Estonia’s experience

At the federal level, voter turnout remained in the 60% range interval in all but one of the last 10 elections.

Neither Pilon nor Pammett believe that introducing online voting in federal elections would lead to higher turnout.

“Internet voting is a great opportunity for people who are already committed to voting,” Pilon said, adding that it just gives those voters another option.

The figures from Estonia confirm their point of view. The Eastern European country was the first in the world to allow online voting in national elections.

Since 2007, the country has held four votes, but turnout has remained between 60% and 60%. interval.

“It’s stable, comparable to the period before the introduction of internet voting,” said Mihkel Solvak, associate professor of technology research at the University of Tartu in Estonia.

“The explanation behind this is that in fact your typical voters who used to vote on paper have gradually moved to internet voting.”

Almost half of Estonian voters now vote online, Solvak said.

The country moved to introduce technology to boost youth voter turnout, but it said turnout in the 18-25 age group was actually declining.

“We can’t solve low voter turnout with technology, that’s the big lesson of, say, the actual implementation of Internet voting.”

West Virginia Study

Solvak said Internet voting can make a difference for foreign voters.

A study outside the United States confirms this.

Anthony Fowler is a professor at the University of Chicago School of Public Policy. He studied voter turnout in West Virginia, which he says was the first state to allow foreign voters to vote online in the 2018 U.S. federal midterm election.

Fowler said nearly half of the counties in the state had chosen to allow online voting, so he was able to compare those who could vote online to those who had to vote by mail.

Voters head to the polls as early voting begins Wednesday, Oct. 26 in Huntington, West Virginia. Anthony Fowler, a professor at the University of Chicago, said the state was the first to allow online voting for foreign voters in the 2018 US federal midterm elections. (Sholten Singer/The Herald-Dispatch via AP)

“I believe that participation has increased among [online] group by something like three to five percentage points,” he said.
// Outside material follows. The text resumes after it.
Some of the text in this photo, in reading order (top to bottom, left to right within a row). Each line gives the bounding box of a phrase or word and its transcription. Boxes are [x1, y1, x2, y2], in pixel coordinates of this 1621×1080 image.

“It’s not a massive effect, but it’s bigger than the effects of many other kinds of performance, certainly bigger than many efforts to get the vote.”

Goodman, who studies online voting at Brock University, said more research is needed to understand the overall impact of online voting on turnout.
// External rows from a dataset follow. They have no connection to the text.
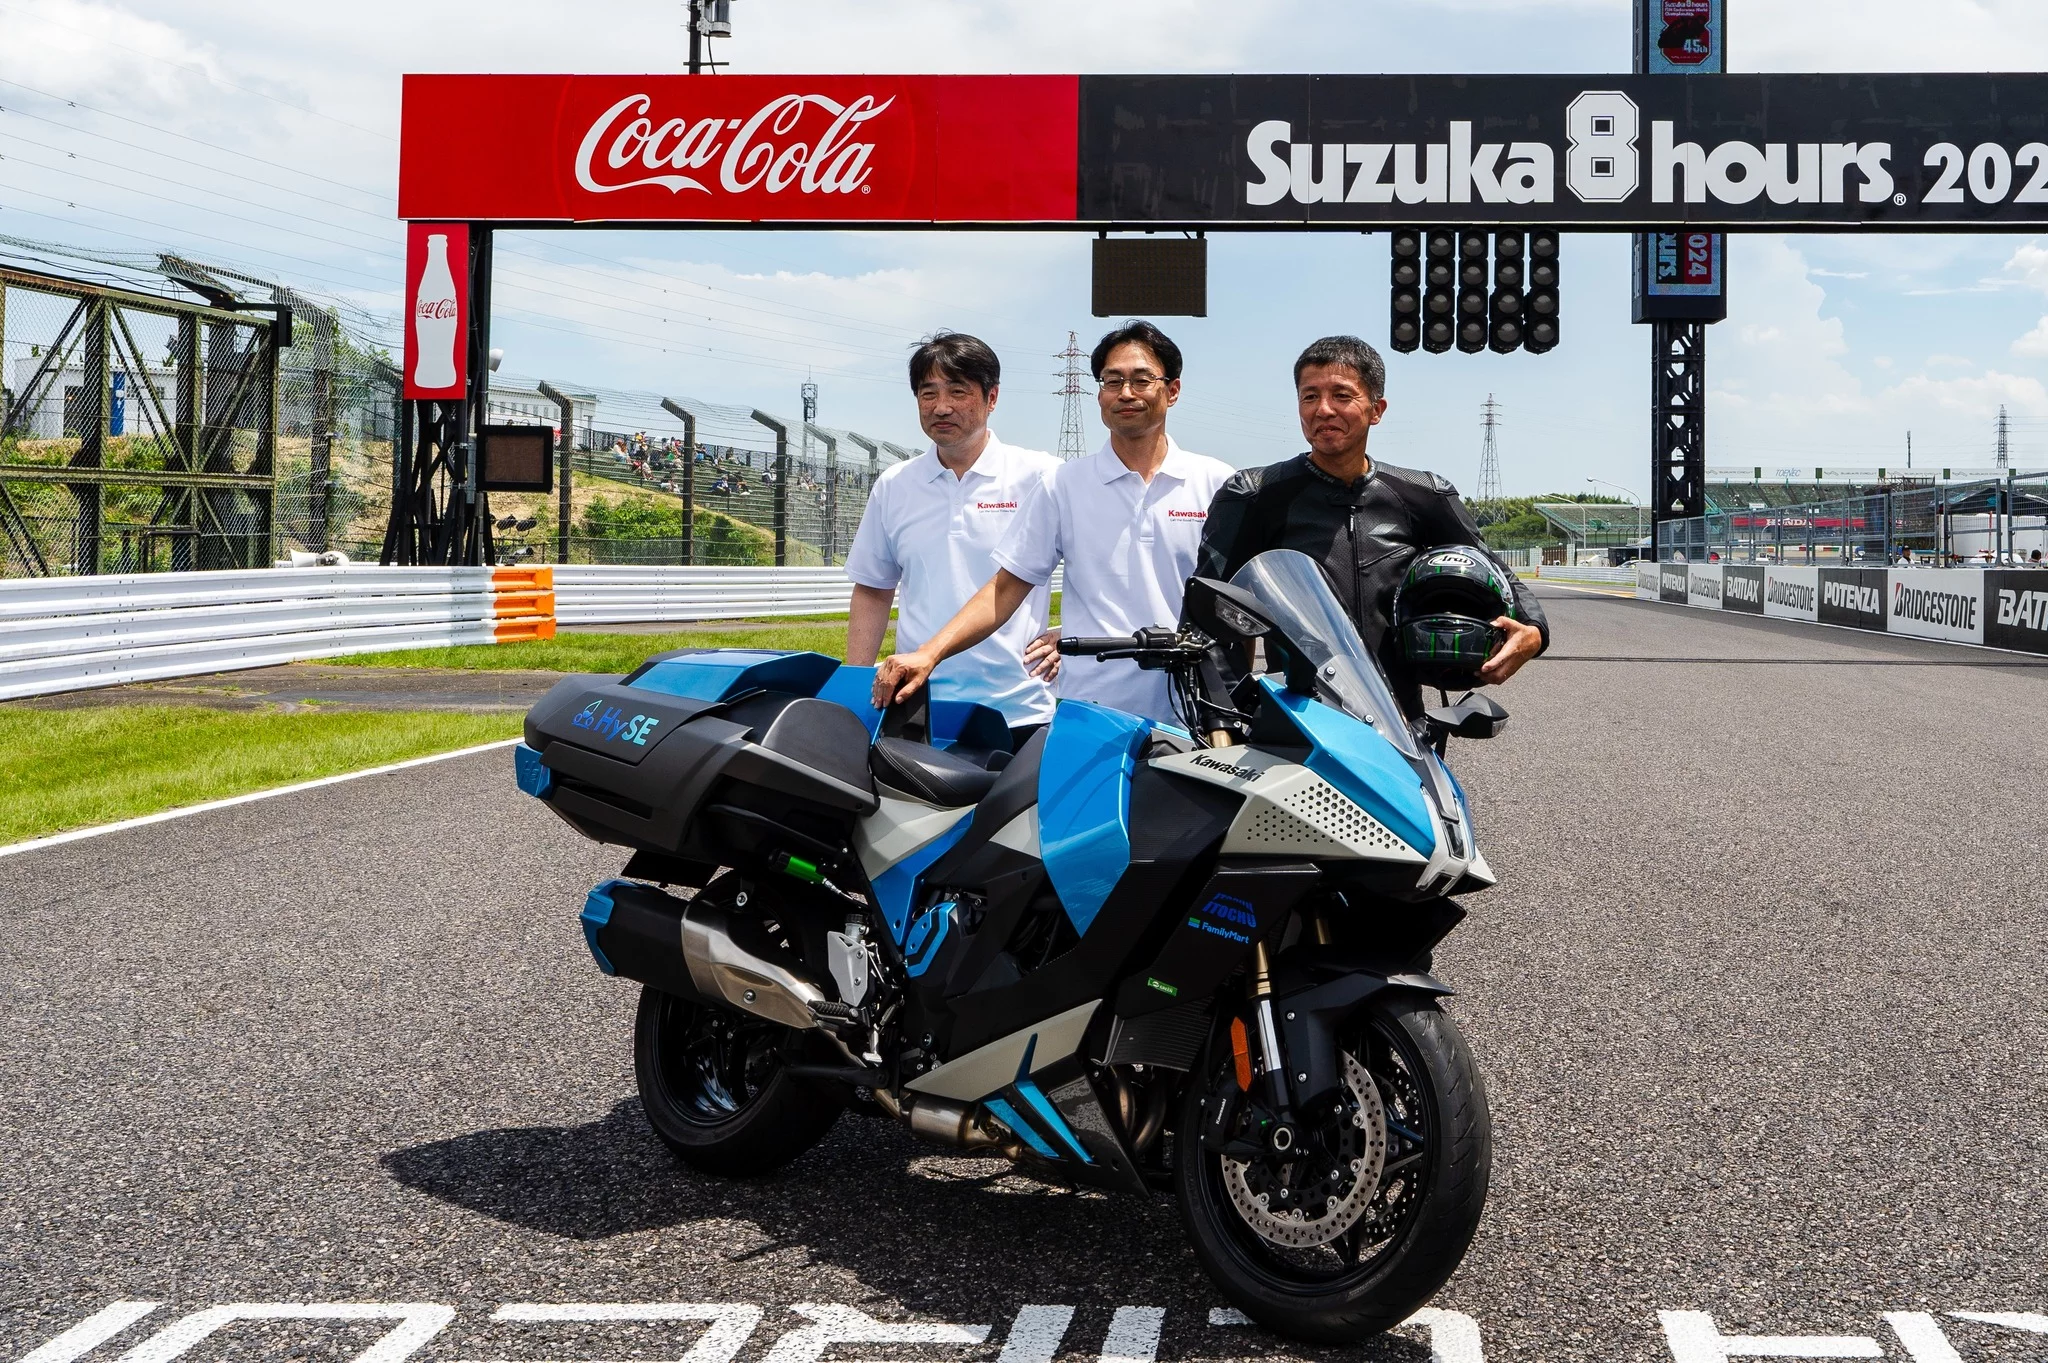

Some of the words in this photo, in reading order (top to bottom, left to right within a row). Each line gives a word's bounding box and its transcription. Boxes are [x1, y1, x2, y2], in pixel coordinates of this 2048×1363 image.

[575, 93, 896, 195] Coca-Cola
[1246, 120, 1554, 206] Suzuka
[1566, 90, 1639, 203] 8
[977, 501, 1018, 509] Kawasaki
[1168, 510, 1208, 518] Kawasak
[1662, 572, 1686, 593] POTENZA
[1690, 573, 1721, 600] BRIDGESTONE
[1726, 576, 1760, 603] BATTLAX
[1767, 576, 1814, 612] BRIDGESTONE
[1824, 581, 1880, 615] POTENZA
[1893, 582, 1977, 631] BRIDGESTONE
[593, 706, 660, 746] HySE
[1189, 754, 1265, 782] Kawasaki
[1202, 900, 1257, 928] ITOCHU
[1202, 922, 1250, 944] FamilyMart
“I don’t think we’ve necessarily had the right data or experience to study or look at this problem.”

More people are voting online

Several Ontario municipalities, including Kingston, Markham and Burlington, point out that the overall percentage of votes cast online increases with each election.

Some cities, however, have removed or limited paper ballots, so internet voting is the only option.

Nicole Cooper, the clerk of Ajax, which has seen voter turnout drop 10 percentage points this election, said exit polls suggest residents “overwhelmingly” support internet voting.

She said the city will continue to offer the technology.

Mark Guinto, spokesman for nearby Pickering, said that was also the case for his town.

“At a time of declining voter turnout, it’s critical that we provide our residents with more accessible and convenient voting options.”